→ **Activity**:
The records that follow are to be reproduced exactly. Any pictures in them are left out.

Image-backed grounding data
··········
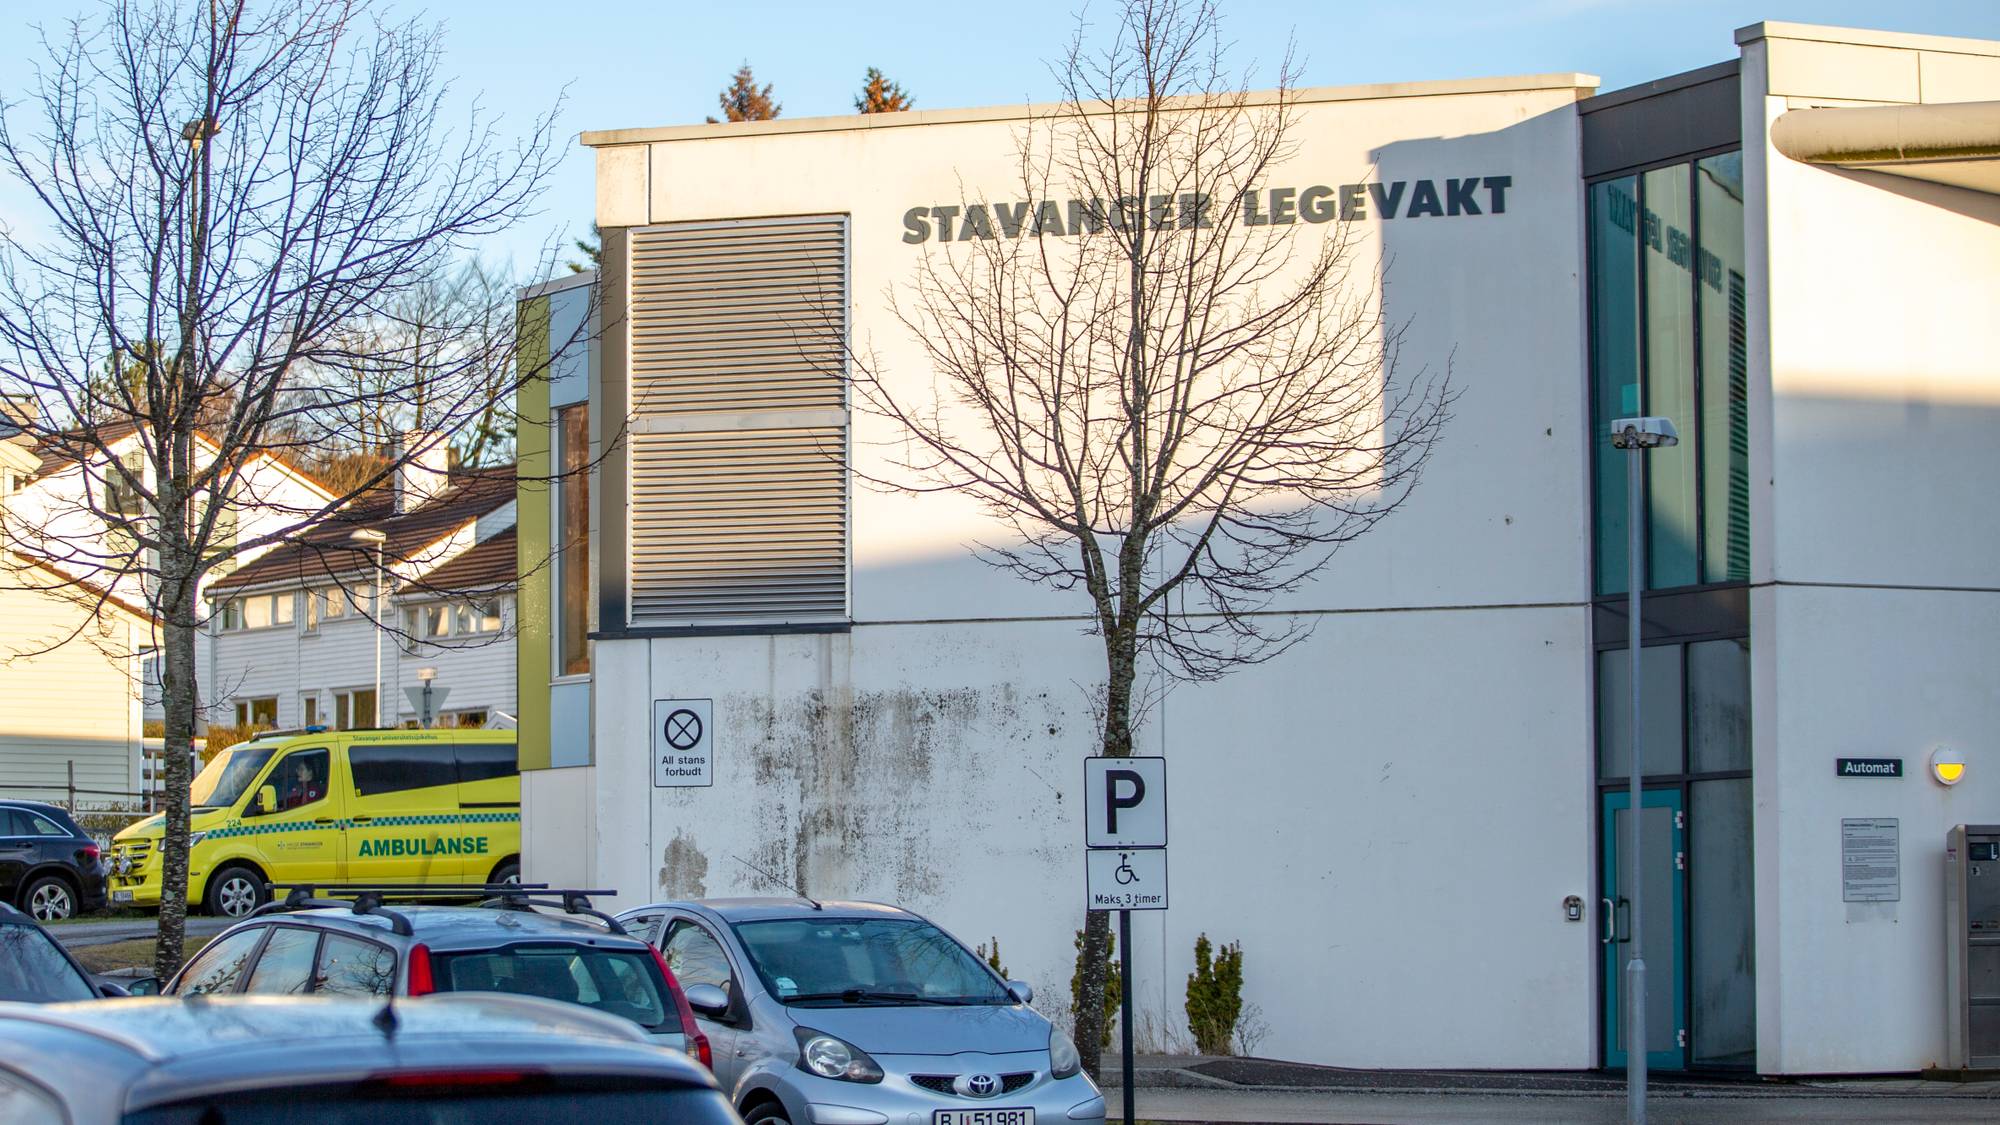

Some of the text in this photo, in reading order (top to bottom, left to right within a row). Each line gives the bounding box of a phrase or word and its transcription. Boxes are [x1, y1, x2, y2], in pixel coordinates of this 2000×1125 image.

[902, 175, 1512, 245] STAVANGER LEGEVAKT
[662, 756, 705, 764] All stans
[665, 767, 702, 776] forbudt
[1845, 762, 1895, 774] Automat
[1106, 770, 1145, 834] P
[359, 837, 488, 856] AMBULANSE
[1095, 893, 1161, 904] Maks 3 timer
[974, 1111, 1025, 1125] 51981
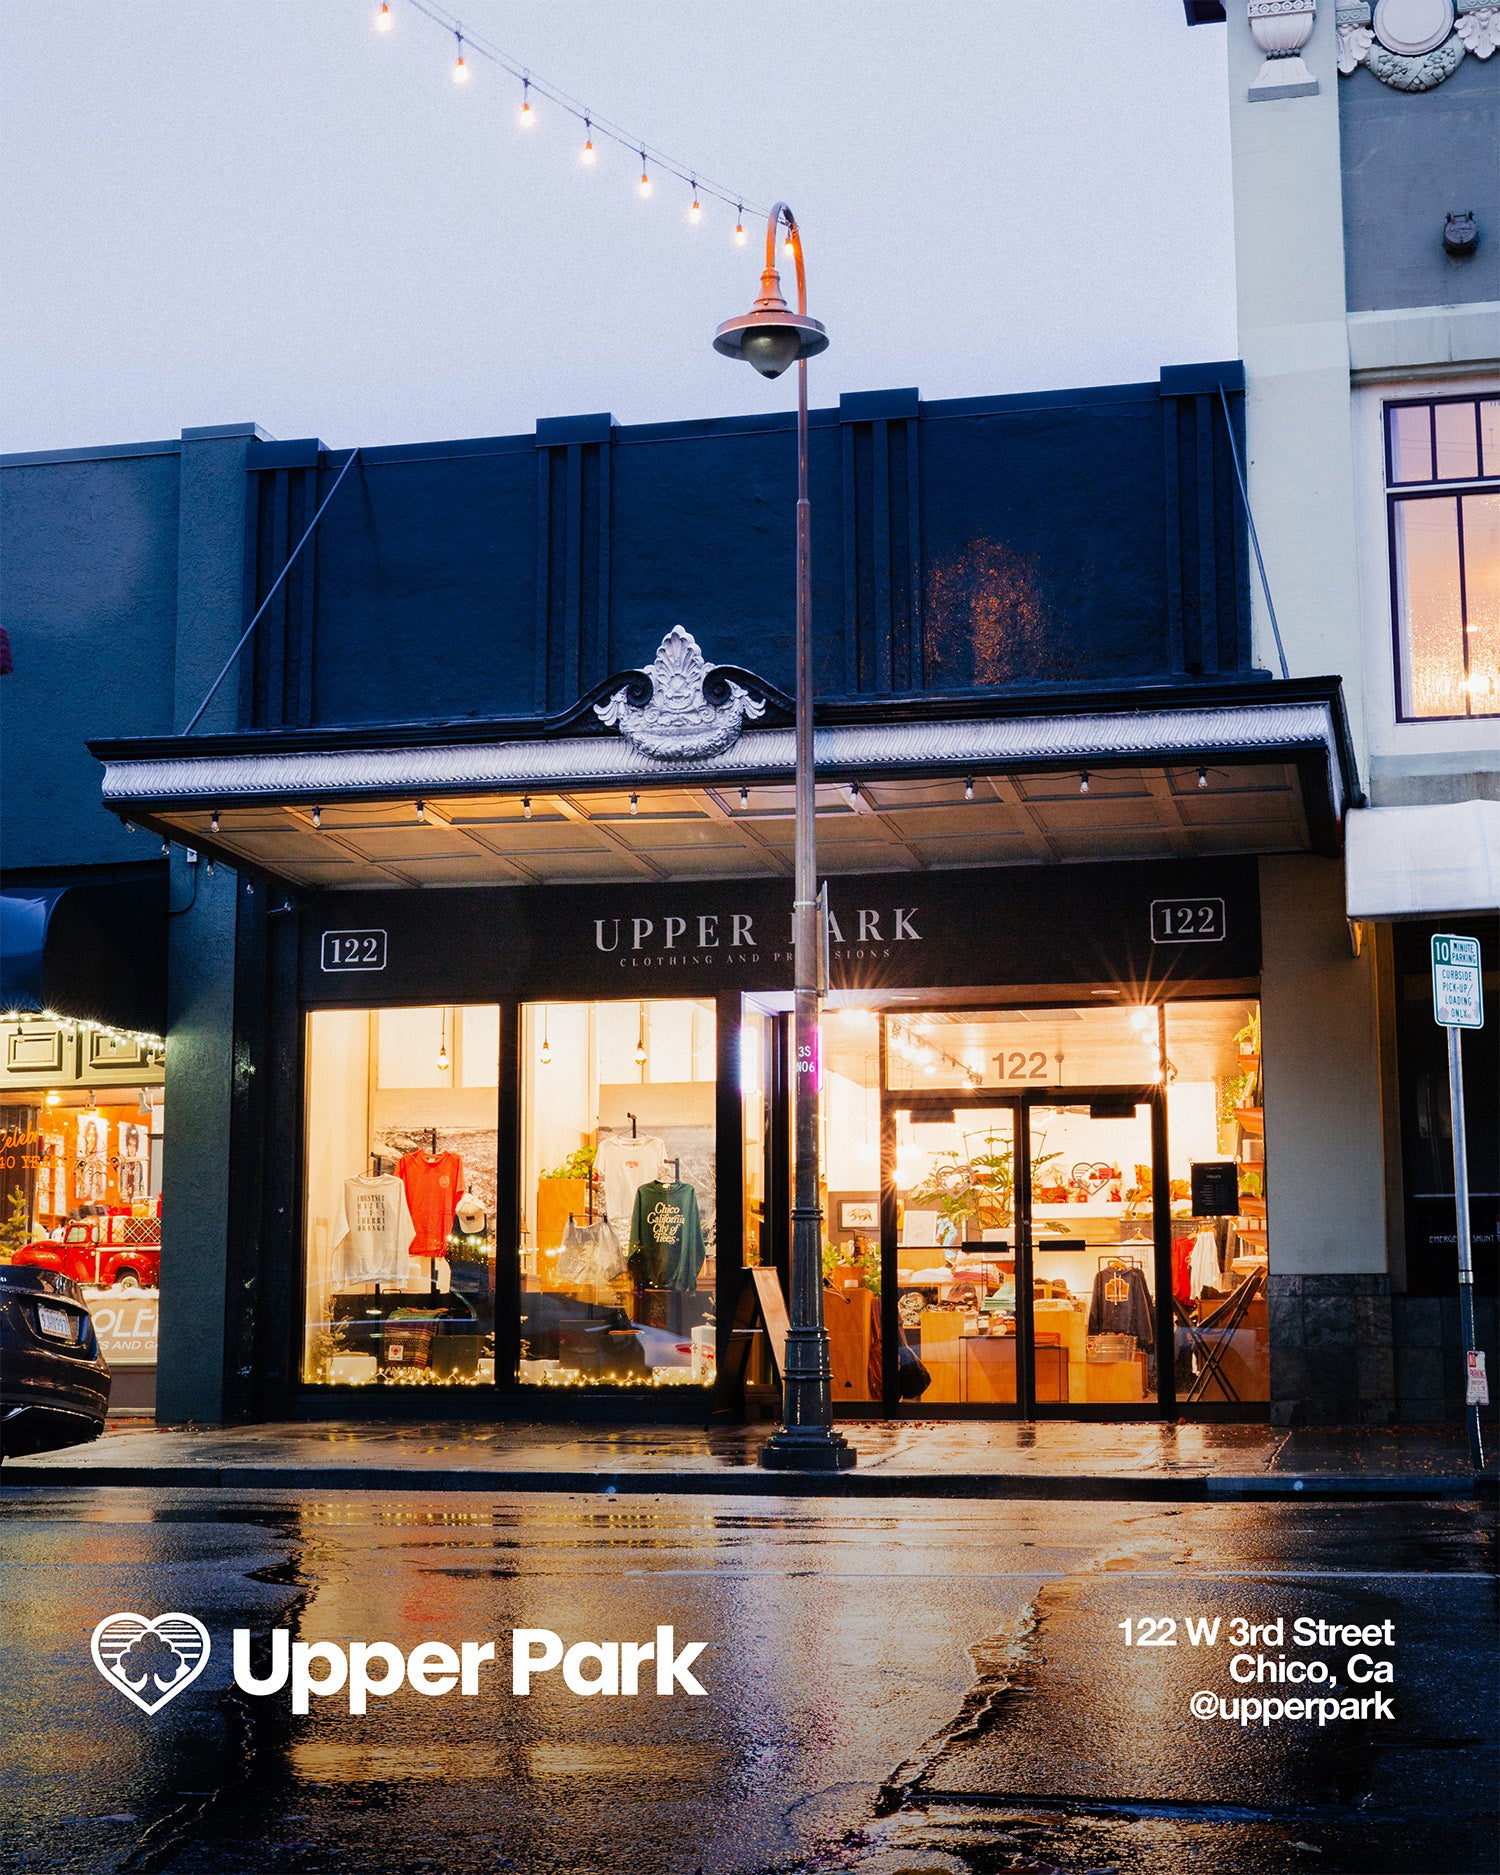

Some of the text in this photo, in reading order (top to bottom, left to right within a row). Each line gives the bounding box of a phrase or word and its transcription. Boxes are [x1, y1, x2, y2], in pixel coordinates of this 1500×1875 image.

[1161, 906, 1215, 934] 122
[593, 914, 757, 951] UPPER
[331, 937, 378, 963] 122
[1435, 941, 1449, 961] 10
[1453, 943, 1474, 953] MINUTE
[619, 954, 713, 967] CLOTHING
[725, 953, 760, 964] AND
[1452, 952, 1476, 964] PARKING
[1441, 969, 1472, 981] CURBSIDE
[1445, 995, 1472, 1007] LOADING
[1450, 1008, 1467, 1018] ONLY
[798, 1045, 811, 1058] 3S
[992, 1051, 1047, 1079] 122
[655, 1202, 680, 1214] Chico
[647, 1212, 685, 1225] California
[653, 1223, 681, 1236] City of
[112, 1341, 141, 1350] AND
··········
→ **Response to this exercise**:
Some of the text in this photo, in reading order (top to bottom, left to right within a row). Each line gives the bounding box of a phrase or word and its transcription. Boxes are [x1, y1, x2, y2], in pixel coordinates of this 2000×1125 image.

[902, 175, 1512, 245] STAVANGER LEGEVAKT
[662, 756, 705, 764] All stans
[665, 767, 702, 776] forbudt
[1845, 762, 1895, 774] Automat
[1106, 770, 1145, 834] P
[359, 837, 488, 856] AMBULANSE
[1095, 893, 1161, 904] Maks 3 timer
[974, 1111, 1025, 1125] 51981

Some of the text in this photo, in reading order (top to bottom, left to right within a row). Each line gives the bounding box of a phrase or word and its transcription. Boxes are [x1, y1, x2, y2], in pixel coordinates of this 1500×1875 image.

[1161, 906, 1215, 934] 122
[593, 914, 757, 951] UPPER
[331, 937, 378, 963] 122
[1435, 941, 1449, 961] 10
[1453, 943, 1474, 953] MINUTE
[619, 954, 713, 967] CLOTHING
[725, 953, 760, 964] AND
[1452, 952, 1476, 964] PARKING
[1441, 969, 1472, 981] CURBSIDE
[1445, 995, 1472, 1007] LOADING
[1450, 1008, 1467, 1018] ONLY
[798, 1045, 811, 1058] 3S
[992, 1051, 1047, 1079] 122
[655, 1202, 680, 1214] Chico
[647, 1212, 685, 1225] California
[653, 1223, 681, 1236] City of
[112, 1341, 141, 1350] AND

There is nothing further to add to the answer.